Hi David and Dan,

I think the explanation is that you're looking at mail that contains
non-ASCII text characters, or which is replying to non-ASCII text
characters. The original mail protocols only allowed for 7-bit ASCII
text characters, so any characters with accents, Unicode representations
of non-English fonts or accents like German umlauts, or even some 
symbols on your keyboard that are represented as 8-bit ASCII 
encoding.

What happens when attachments get sent is that the mail program
tries to force both the message and the attachment, which might be
binary data, into transformed ASCII text, and it doesn't always do
this correctly.  Most of the problems come when you're sending 
mail between two different platforms.  I'll bet that none of your 
problem emails come from other Mac users, and that you're more 
likely to see this problem if you're communicating with people who
use Outlook or Outlook Express.  I think there are also some
problems with Yahoo mail.

So, while you're likely to see this problem with any special characters
in the email (foreign accents, etc. and especially if the original
sender used rich text format instead of plain text), you're more likely
to see this problem if there's an attachment that forces the other
mail program to do an ASCII text conversion -- which it probably
doesn't manage properly.

The best solution is for everyone to use plain text, and that's why
Mike Babcock's suggestion of converting to plain text is a good
way to deal with things.

This actually goes both ways -- folks who receive your email 
and who use Outlook or Outlook Express might have problem
character translations.

Here's a recent article about this:

http://tekkie.flashbit.net/mac-os/changing-apple-mail-default-encoding-to-unicode

<begin excerpt>
If you’ve ever used Apple Mail for sending an email that has special characters 
in it, e.g. umlauts or any other characters that are not part of the basic 
Latin alphabet, you might have noticed that replies on those particular emails 
include weird and unreadable characters despite the fact that you didn’t enter 
any of those. This is the case with all the replies from MS Outlook or Outlook 
Express users.
<end excerpt>

They suggest you fix this by going to terminal and typing:

defaults write com.apple.mail NSPreferredMailCharset "UTF-8"

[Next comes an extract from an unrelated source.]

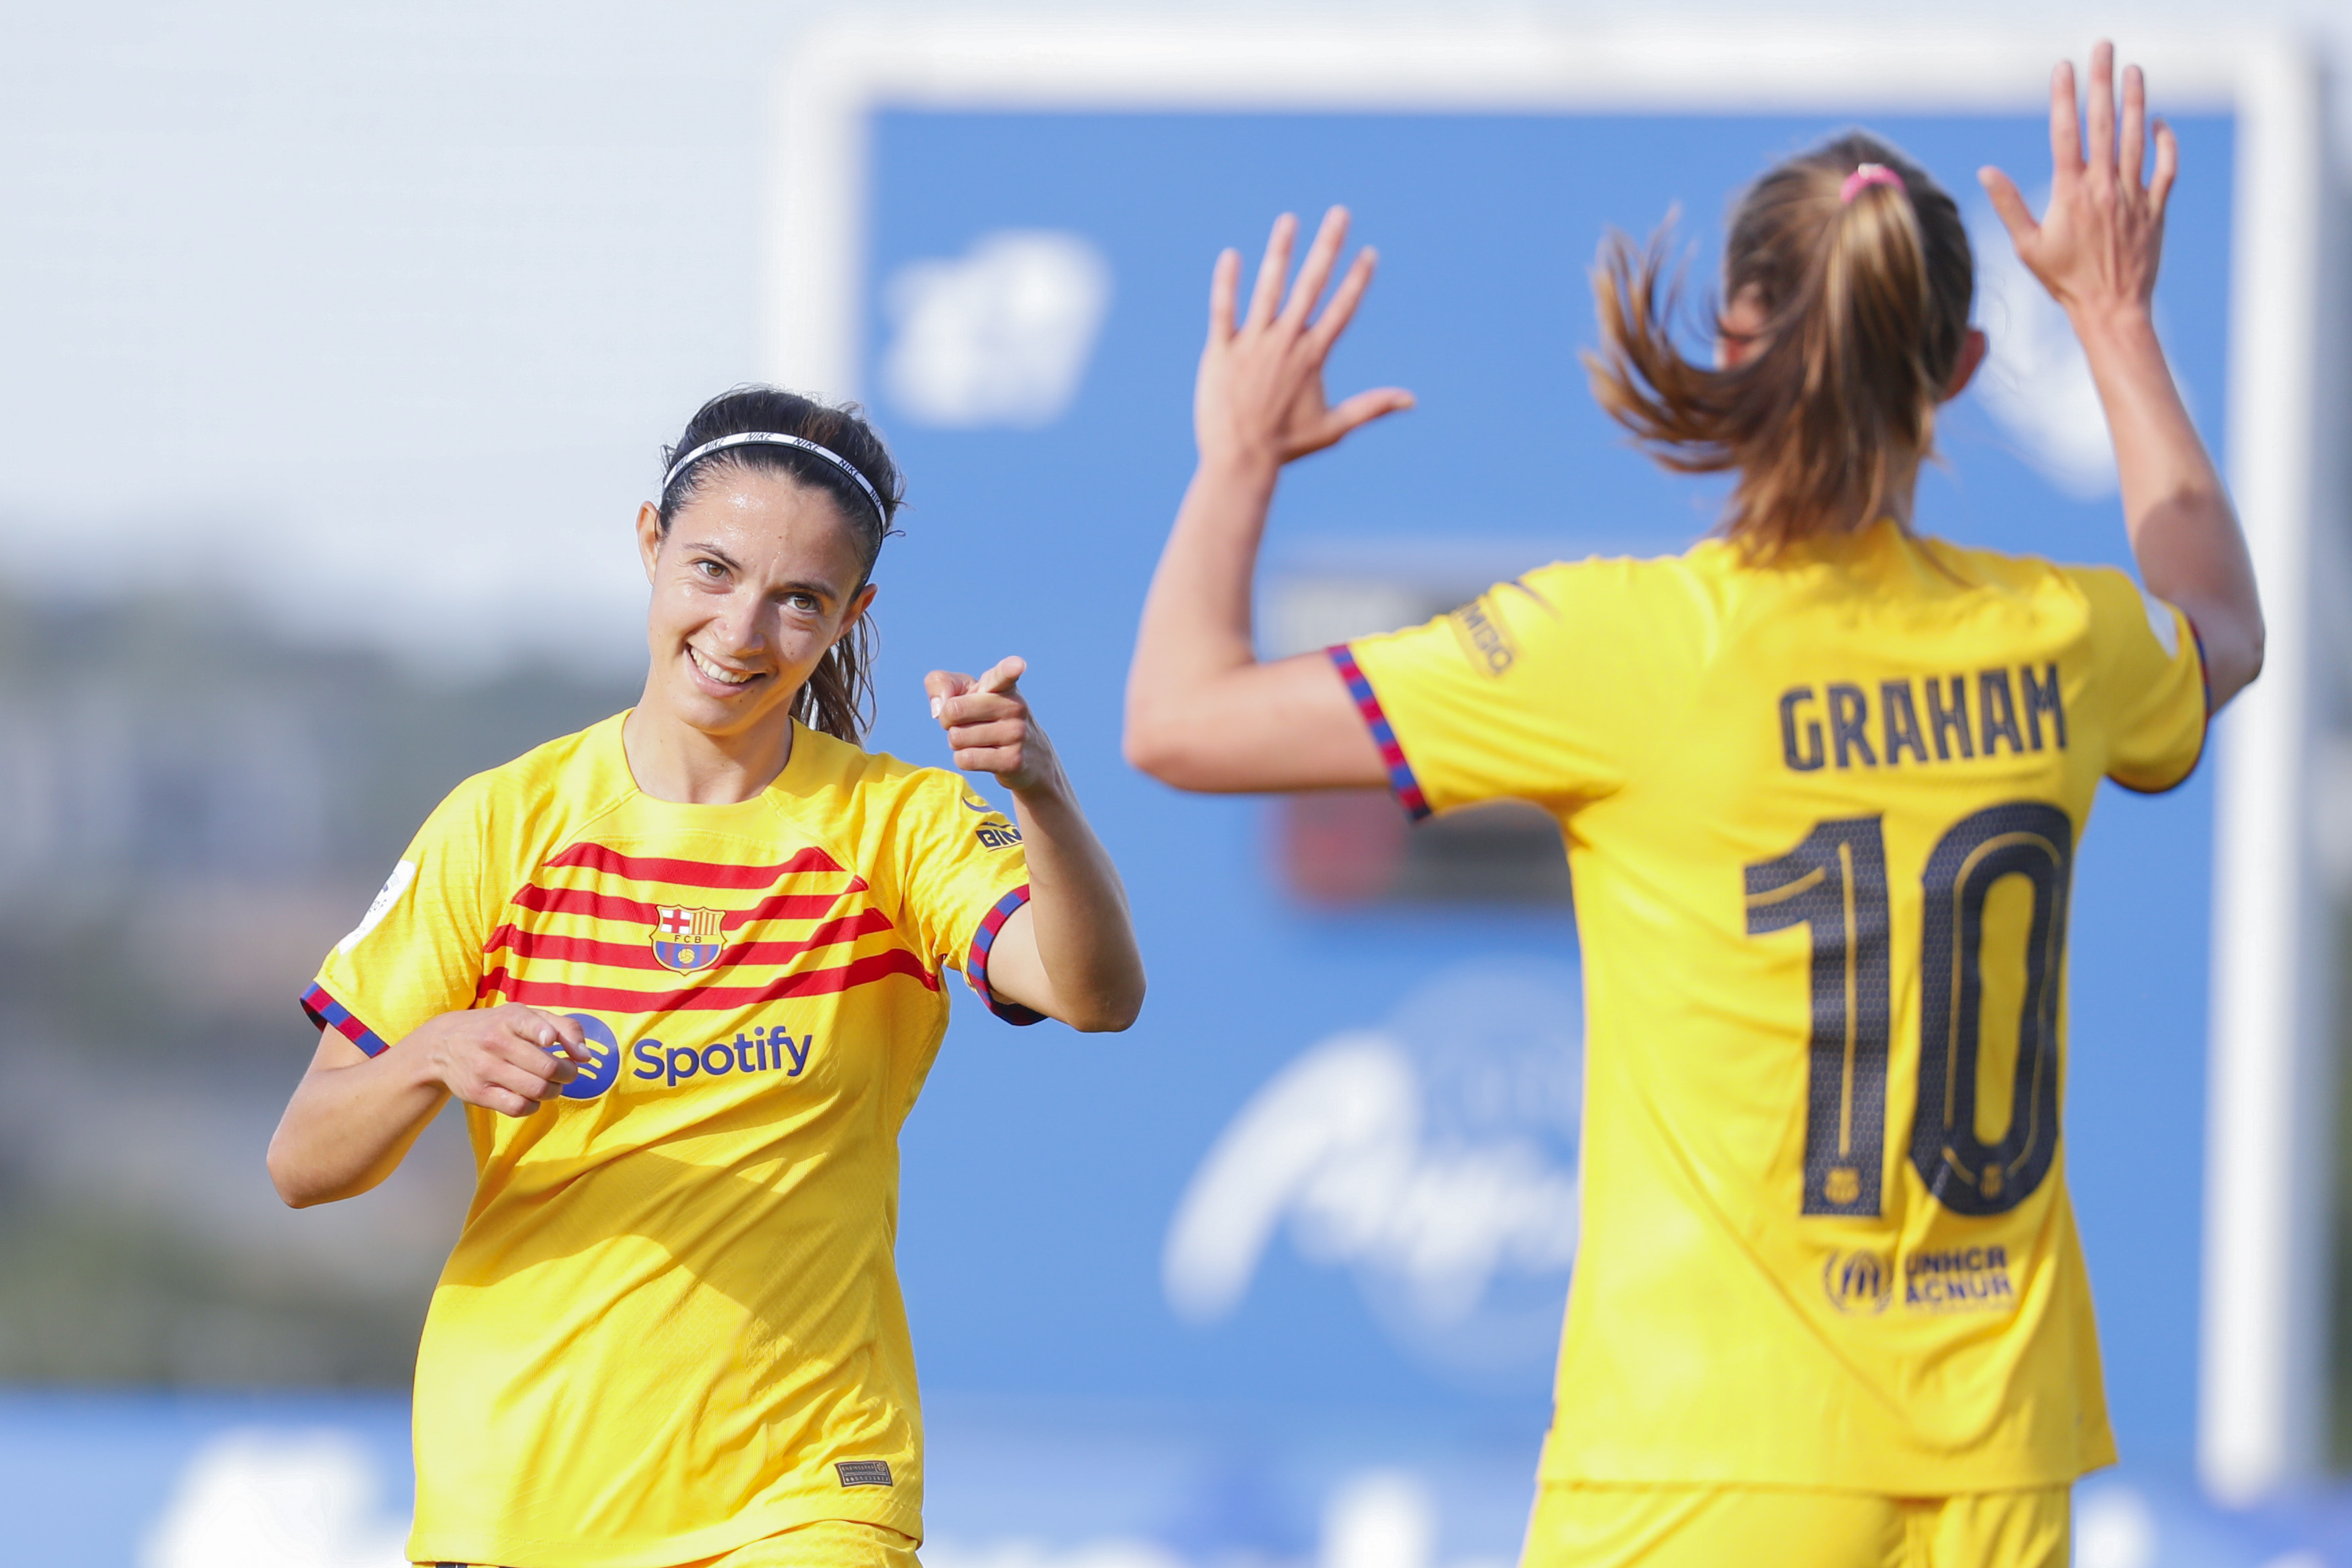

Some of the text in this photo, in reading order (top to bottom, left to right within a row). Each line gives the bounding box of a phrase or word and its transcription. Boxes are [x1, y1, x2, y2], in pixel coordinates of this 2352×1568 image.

but I think that Leopard uses a new syntax:

defaults write com.apple.mail LeopardPreferredMailCharset "UTF-8"

If you want to read more about the background of this problem, look at:

http://tekkie.flashbit.net/mac-os/changing-apple-mail-default-encoding-to-unicode

That article described the problem of what Outlook and Outlook Explorer
mail users saw when they received mail from Macs (even back in Tiger).
It gives some examples of how Outlook Explorer will "mistranslate" the
characters that get sent back to you in a reply when there is an accent
mark and ASCII text translation is forced.

The problem goes back even farther to the old USENet days, when posts
had to be UUencoded and UUdecoded to enforce a standard ASCII 
conversion protocol.

Hope this helps as a partial explanation of the problem.